This guide cuts through the noise and answers the questions that matter most: what's actually available locally, what you should expect to pay in 2026, and which sensor fits your specific needs. The Sri Lankan market currently favours digital modules like the DHT11 and DS18B20 for hobbyist use, while demand for industrial-grade sensors and medical body temperature meters has grown steadily since 2023. This guide is written for:

  • Students and hobbyists building Arduino or ESP32 projects
  • Engineers and technicians sourcing components for industrial or IoT systems
  • Small business owners and procurement teams comparing options and prices
  • Parents and clinic staff looking for reliable body temperature meters

From entry-level thermistors to precision RTD probes, this guide covers the full spectrum of temperature sensing options available in Sri Lanka — because choosing the wrong sensor doesn't just waste money, it costs time. Read on to find exactly what you need.

 

What Is a Temperature Sensor and Why Does It Matter?

A temperature sensor detects heat and converts it into a readable signal — a number on your screen, a trigger for your fan, or an alarm when something goes wrong.

They show up everywhere: inside your air conditioner, your car engine, your greenhouse irrigation system. Even the rice cooker in your kitchen uses one.

Real-world example: A fish farmer in Gampaha uses a waterproof DS18B20 sensor to monitor pond water temperature overnight. When it drops below 22°C, an alert fires automatically — no manual checks needed at 3 AM.

Without accurate temperature data, machines overheat, crops fail, and cold chains break. That's why getting the right sensor — at the right price — matters more than most people realize.

 

What Types of Temperature Sensors Are Available in Sri Lanka?

From a Rs. 80 bare chip to a Rs. 3,500 contactless module — the Sri Lankan market covers a surprisingly wide range. Here's what's actually available and who each one is for.

DHT11 / DHT22

The DHT11 is the sensor most beginners reach for first. Plug it into your Arduino, run three lines of code, and you're reading both temperature and humidity in minutes. It costs around Rs. 200–450 and is widely stocked at Daraz, Duino.lk, and Nilambara Electronics.
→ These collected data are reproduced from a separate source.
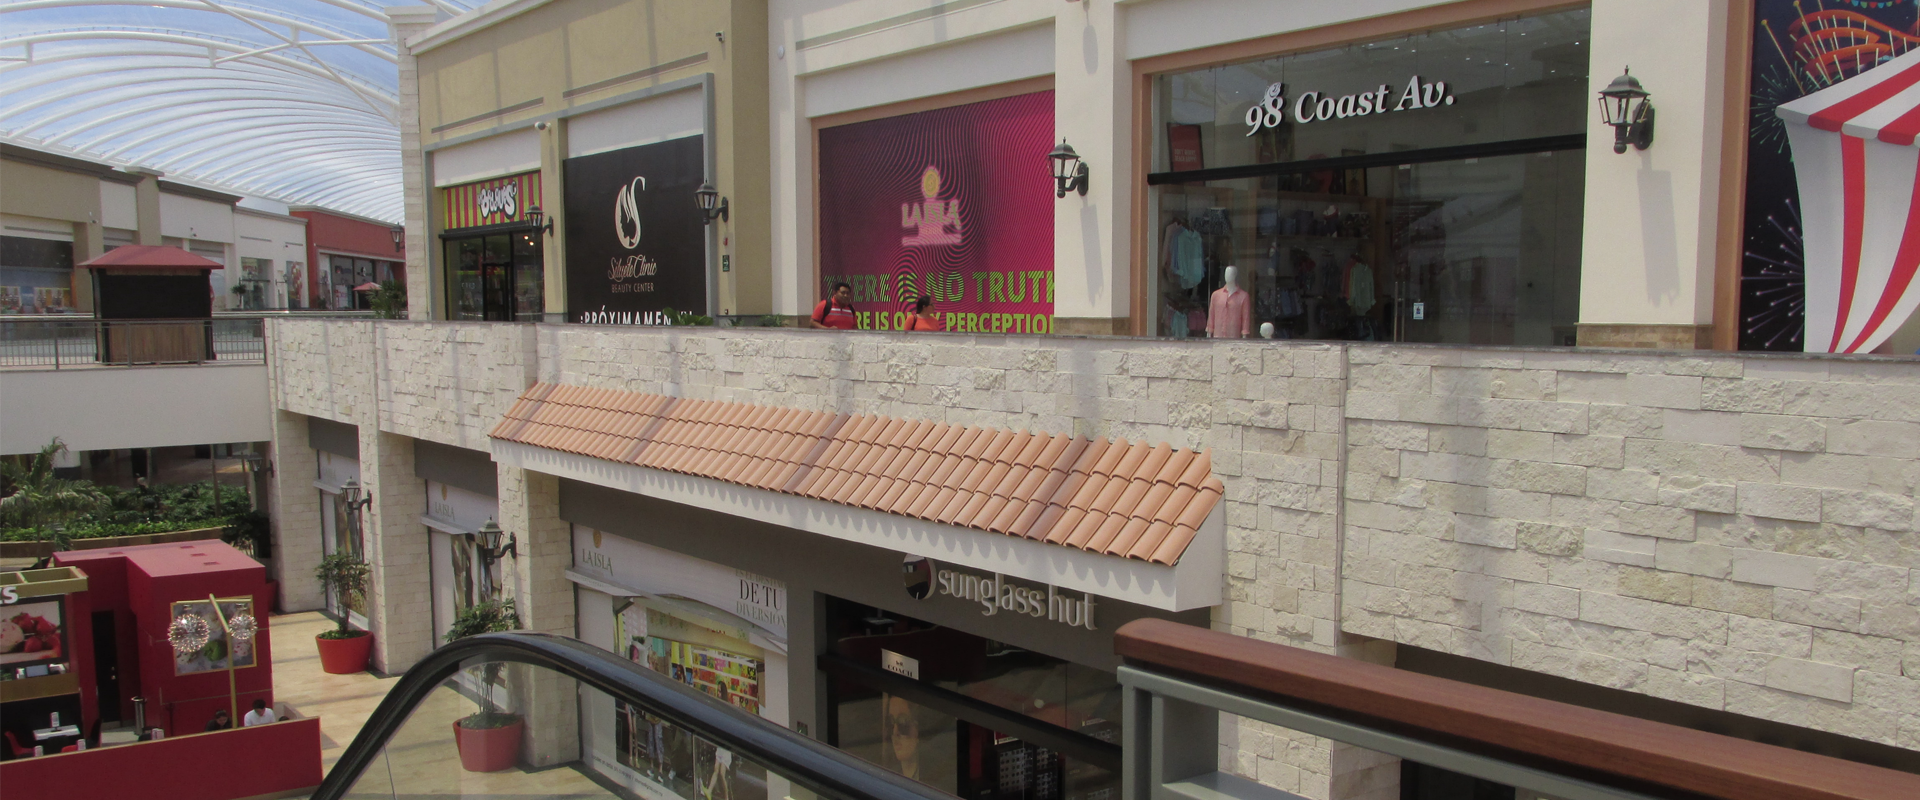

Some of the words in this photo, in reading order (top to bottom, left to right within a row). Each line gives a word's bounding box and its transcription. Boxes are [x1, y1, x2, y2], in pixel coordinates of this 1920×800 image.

[1245, 88, 1283, 137] 98
[1295, 84, 1389, 123] Coast
[1393, 75, 1454, 111] Av.
[633, 254, 658, 279] Clinic
[611, 283, 632, 293] BEAUTY
[633, 282, 655, 293] CENTER
[925, 271, 964, 302] NO
[875, 311, 890, 331] IS
[740, 579, 760, 605] DE
[762, 585, 782, 611] TU
[938, 569, 1046, 617] sunglass
[1049, 584, 1098, 631] hut
Example: A SLIIT student builds a weather station for their final-year project. They pick up a DHT11 for under Rs. 300, wire it to an ESP8266, and log hourly readings to Google Sheets — total hardware cost under Rs. 1,500.

The DHT22 is the upgrade. Same form factor, better numbers: it reads down to -40°C and hits ±0.5°C accuracy versus the DHT11's ±2°C. Expect to pay Rs. 380–600. Worth the extra few hundred rupees if your project needs precision.

DS18B20

This small TO-92 chip punches well above its price. It communicates over a single wire, handles temperatures from -55°C to +125°C, and each unit carries a unique address — meaning you can chain dozens of sensors on one Arduino pin.
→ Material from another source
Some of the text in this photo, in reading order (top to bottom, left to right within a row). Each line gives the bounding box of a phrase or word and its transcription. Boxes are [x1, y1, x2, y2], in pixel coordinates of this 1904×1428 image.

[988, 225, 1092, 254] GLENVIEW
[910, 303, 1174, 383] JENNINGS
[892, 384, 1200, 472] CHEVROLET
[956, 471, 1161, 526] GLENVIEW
Bare chips start at just Rs. 80–150. The waterproof stainless steel probe version — sealed in a 1m cable — runs Rs. 300–550 and is the go-to for aquariums, soil probes, and pipe monitoring.

Real use case: A hydroponics grower in Kandy uses three DS18B20 probes in different grow beds, all wired to a single Raspberry Pi pin. One cable, three readings, one simple Python script.

Thermistors & RTDs

Thermistors are the low-cost workhorses hiding inside most household appliances. The NTC MF52 10K variant (available at Tronic.lk for as little as Rs. 30) is a favourite for DIY thermostats and incubator controllers.
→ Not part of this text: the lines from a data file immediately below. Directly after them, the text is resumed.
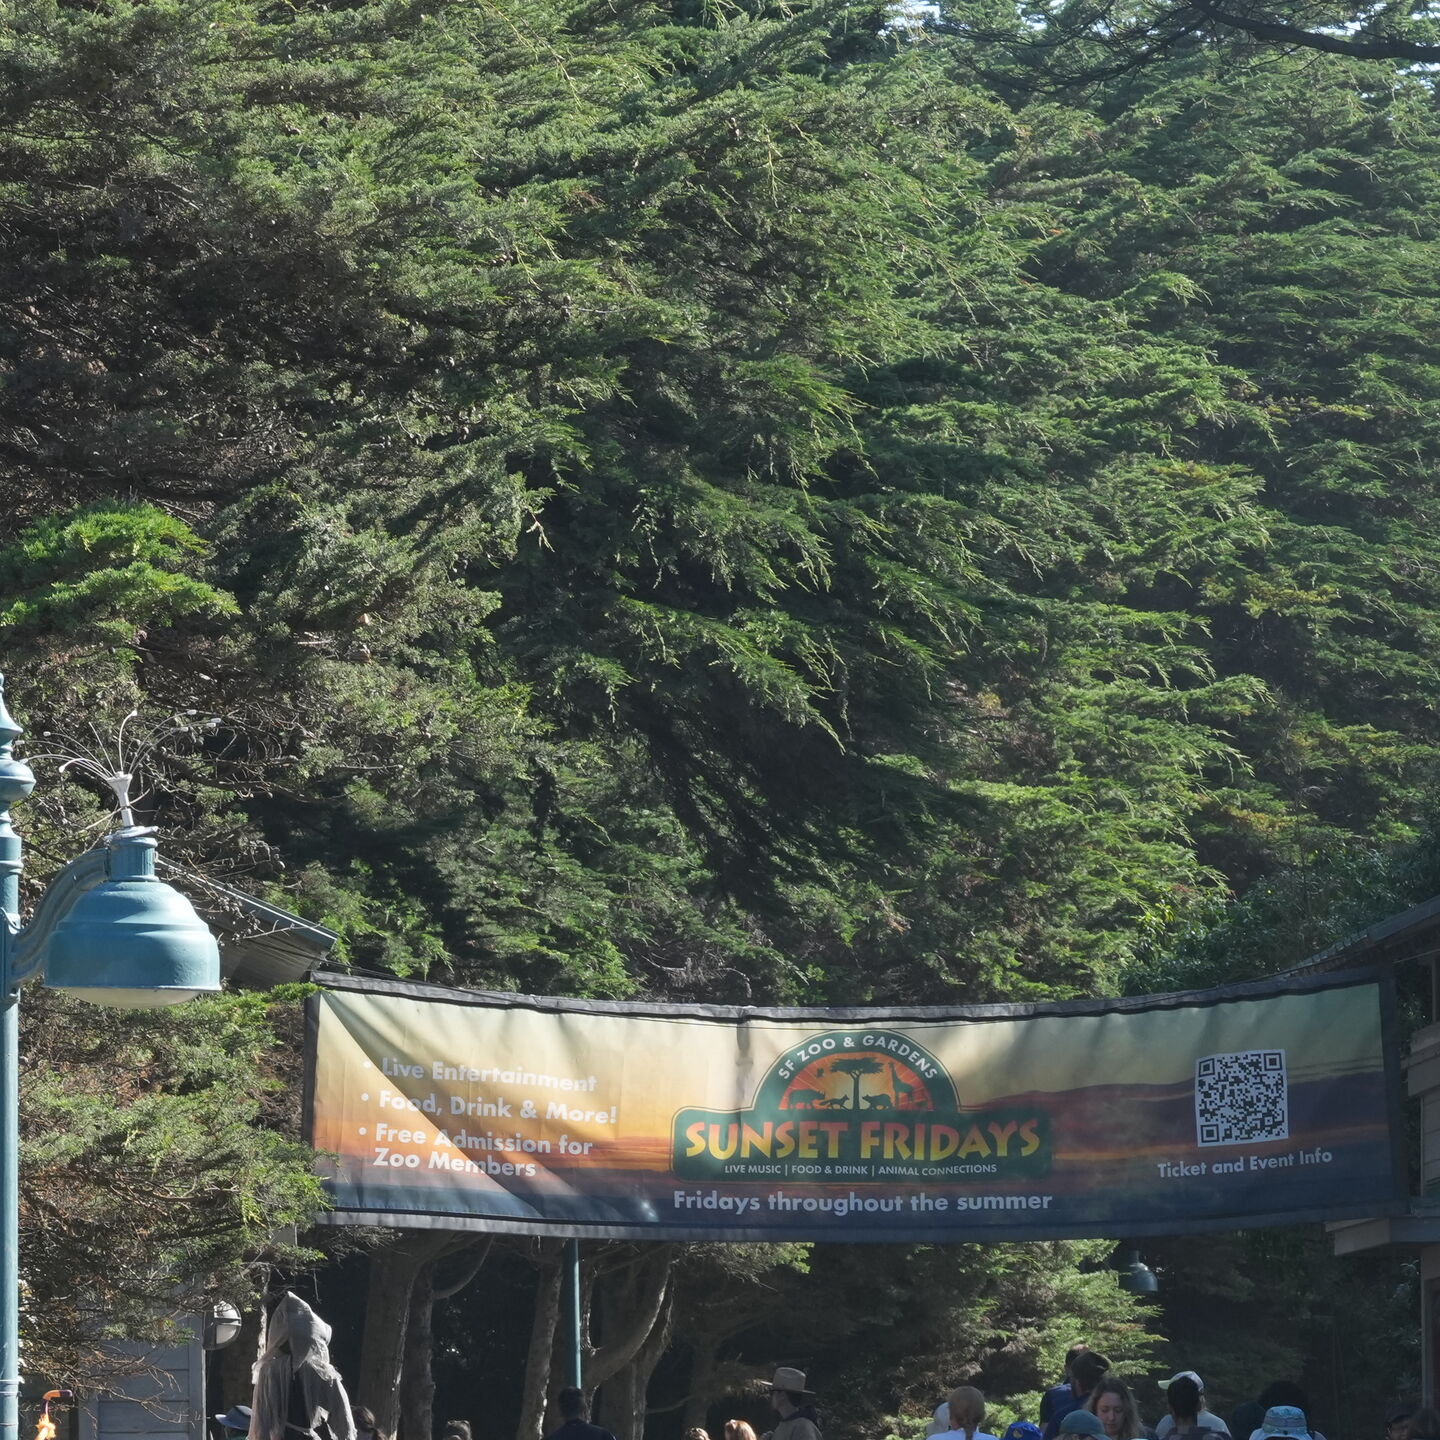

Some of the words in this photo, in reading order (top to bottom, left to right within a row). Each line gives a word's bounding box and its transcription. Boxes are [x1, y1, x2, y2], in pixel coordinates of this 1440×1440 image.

[381, 1056, 424, 1080] Live
[432, 1061, 598, 1093] Entertainment
[778, 1056, 796, 1079] SF
[796, 1038, 836, 1062] ZOO
[843, 1036, 855, 1048] &
[862, 1035, 938, 1080] GARDENS
[378, 1090, 443, 1117] Food,
[450, 1094, 512, 1119] Drink
[520, 1098, 538, 1119] &
[545, 1100, 618, 1125] More!
[374, 1122, 426, 1146] Free
[434, 1128, 551, 1155] Admission
[559, 1136, 593, 1157] for
[685, 1120, 850, 1160] SUNSET
[861, 1118, 1041, 1161] FRIDAYS
[373, 1147, 421, 1169] Zoo
[428, 1153, 536, 1178] Members
[724, 1164, 746, 1174] LIVE
[748, 1164, 781, 1175] MUSIC
[791, 1164, 822, 1175] FOOD
[824, 1164, 833, 1175] &
[834, 1164, 868, 1175] DRINK
[878, 1165, 920, 1176] ANIMAL
[921, 1164, 998, 1176] CONNECTIONS
[1157, 1160, 1208, 1179] Ticket
[1211, 1157, 1244, 1176] and
[1250, 1153, 1296, 1171] Event
[1299, 1147, 1332, 1167] Info
[673, 1190, 760, 1215] Fridays
[768, 1192, 903, 1217] throughout
[910, 1192, 948, 1212] the
[957, 1193, 1052, 1211] summer
RTDs — particularly the PT100 — step in where precision matters. They're slower to respond but far more stable over time. You'll find PT100 probes and MAX31865 interface modules locally, typically ranging from Rs. 800 to Rs. 8,000+ depending on probe length and grade. Industrial buyers in the food processing and pharmaceuticals sectors tend to favour them.

Body Temperature Meters (Infrared & Digital)

Not all temperature meters are for circuits. Body temperature meters are a separate category entirely — and a common search for parents, clinics, and small businesses.

Basic oral/axillary digital thermometers start from around Rs. 790 on platforms like Daraz and Tudo.lk. Infrared forehead models — no contact, one-second readings — begin around Rs. 2,500 and go up from there for branded options.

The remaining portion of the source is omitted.